REQUIREMENT
An exact copy of every entry below is required, and no picture may appear in it.

PROVIDED INFORMATION
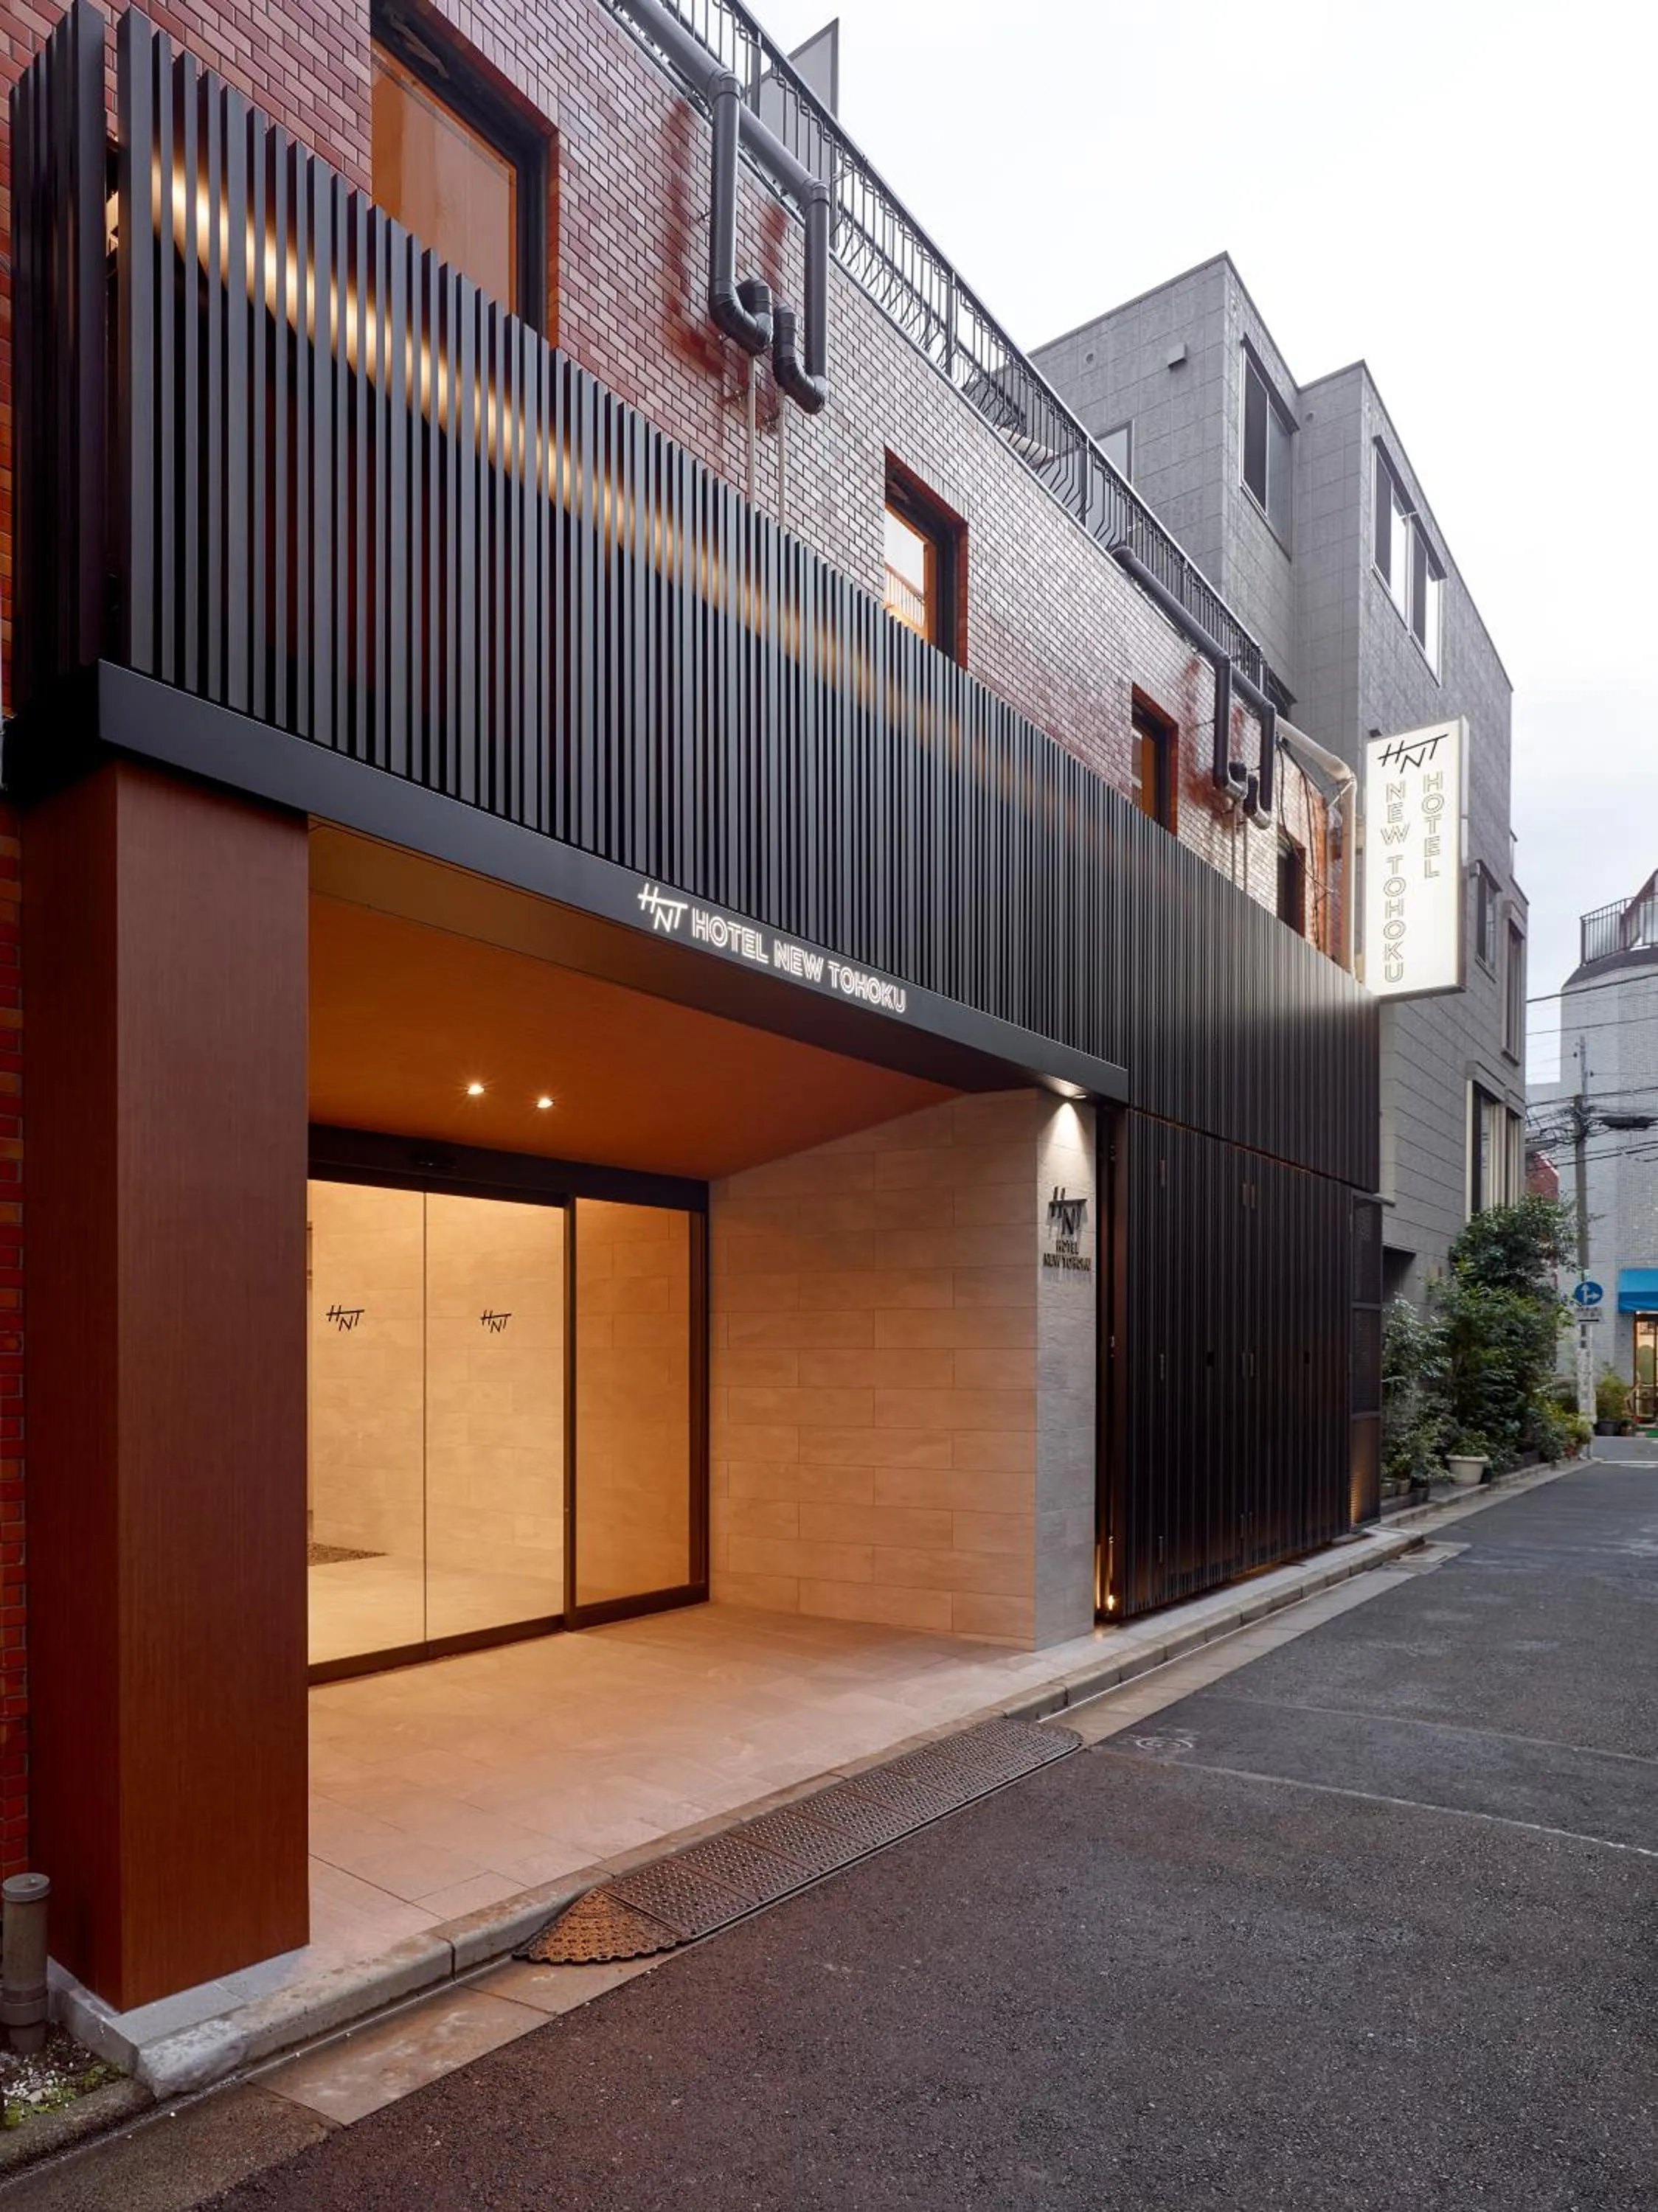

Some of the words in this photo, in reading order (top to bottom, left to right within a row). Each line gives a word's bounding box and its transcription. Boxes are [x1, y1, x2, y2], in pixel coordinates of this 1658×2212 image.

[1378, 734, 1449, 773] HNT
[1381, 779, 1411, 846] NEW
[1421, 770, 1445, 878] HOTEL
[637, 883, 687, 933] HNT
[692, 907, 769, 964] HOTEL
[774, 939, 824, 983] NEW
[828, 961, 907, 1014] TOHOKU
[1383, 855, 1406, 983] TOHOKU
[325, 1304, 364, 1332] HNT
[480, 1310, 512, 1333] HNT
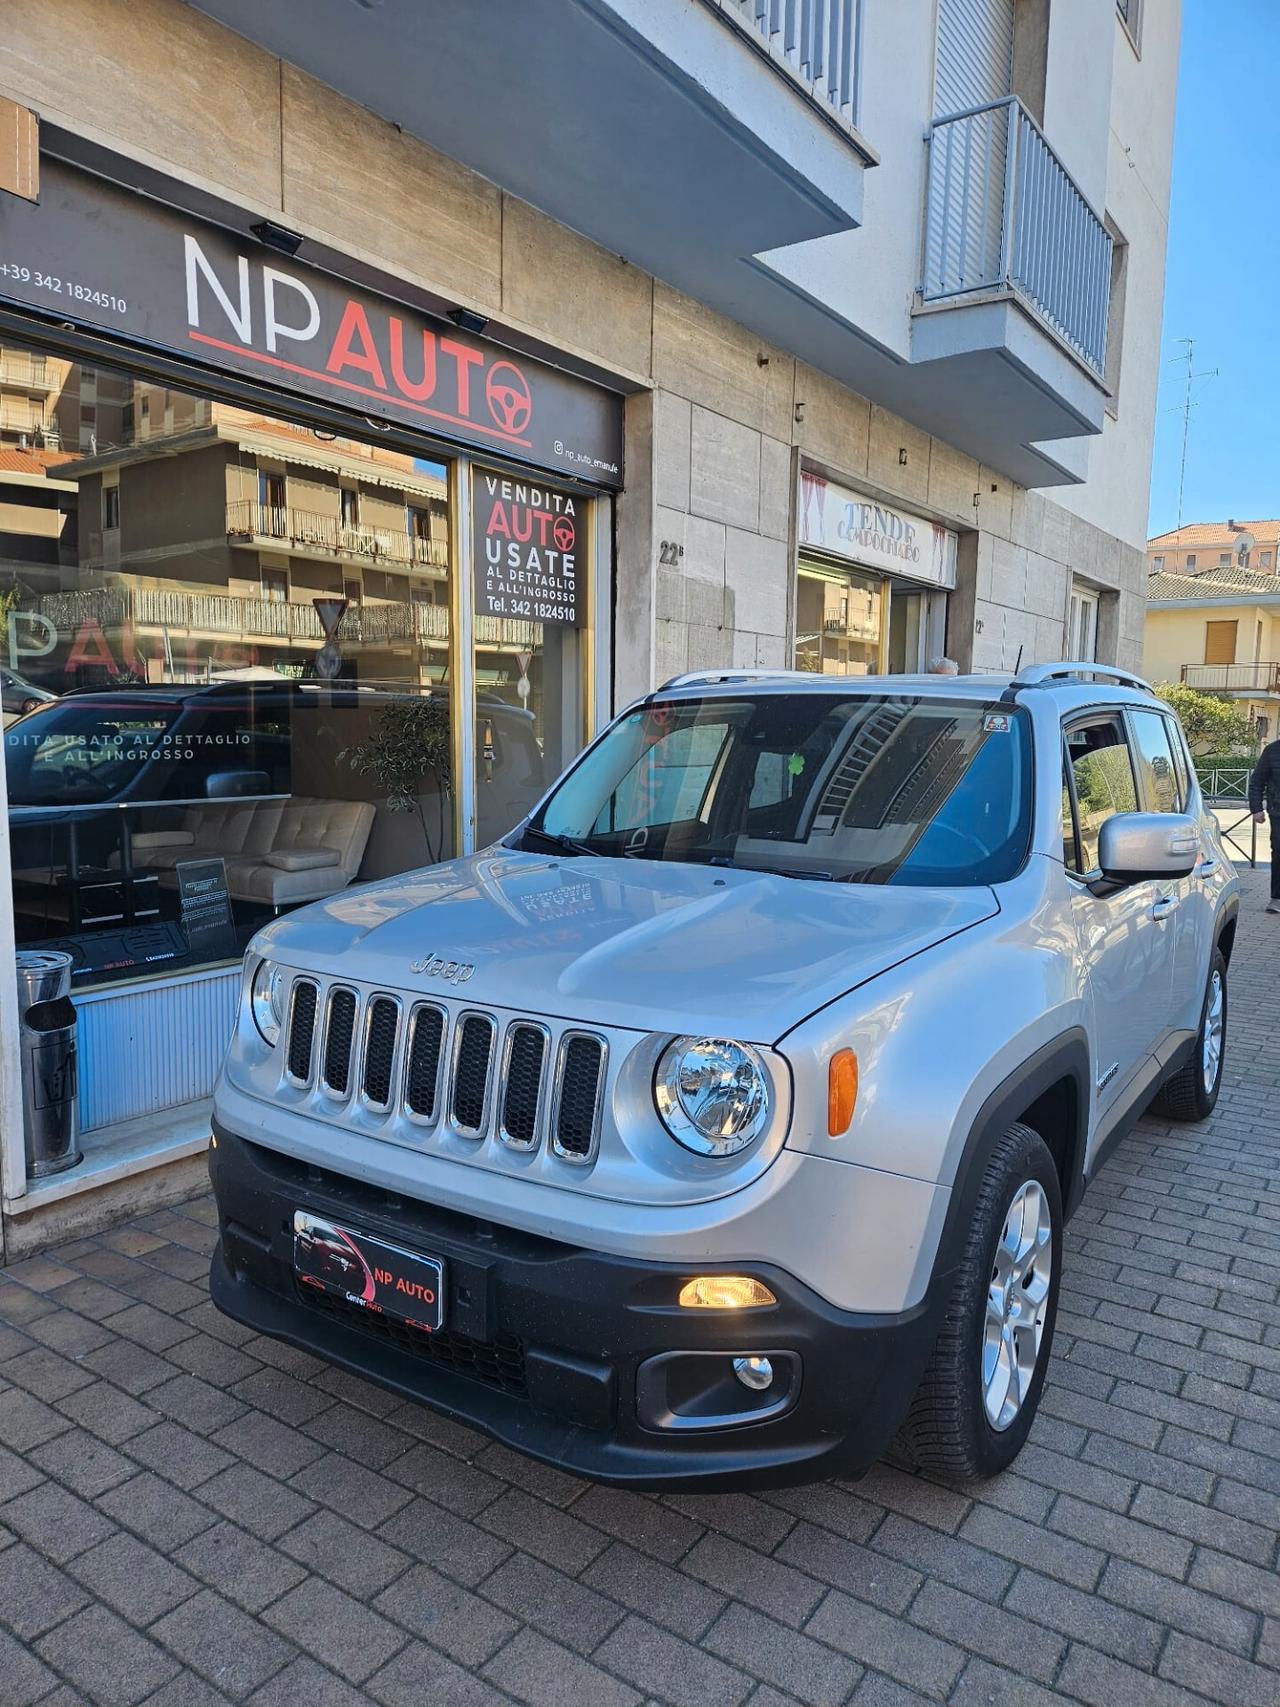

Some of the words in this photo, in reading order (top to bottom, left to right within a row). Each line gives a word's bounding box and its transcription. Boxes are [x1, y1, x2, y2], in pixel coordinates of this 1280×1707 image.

RESPONSE BOX
Some of the words in this photo, in reading order (top to bottom, left to right within a row). Each line gives a word's bounding box and its transcription. Boxes are [x1, y1, x2, y2], in pixel coordinates of this 1658×2212 image.

[1378, 734, 1449, 773] HNT
[1381, 779, 1411, 846] NEW
[1421, 770, 1445, 878] HOTEL
[637, 883, 687, 933] HNT
[692, 907, 769, 964] HOTEL
[774, 939, 824, 983] NEW
[828, 961, 907, 1014] TOHOKU
[1383, 855, 1406, 983] TOHOKU
[325, 1304, 364, 1332] HNT
[480, 1310, 512, 1333] HNT

Some of the words in this photo, in reading order (top to bottom, left to right within a row). Each line gives a word's bounding box and its transcription. Boxes are [x1, y1, x2, y2], in pixel coordinates of this 1280×1707 image.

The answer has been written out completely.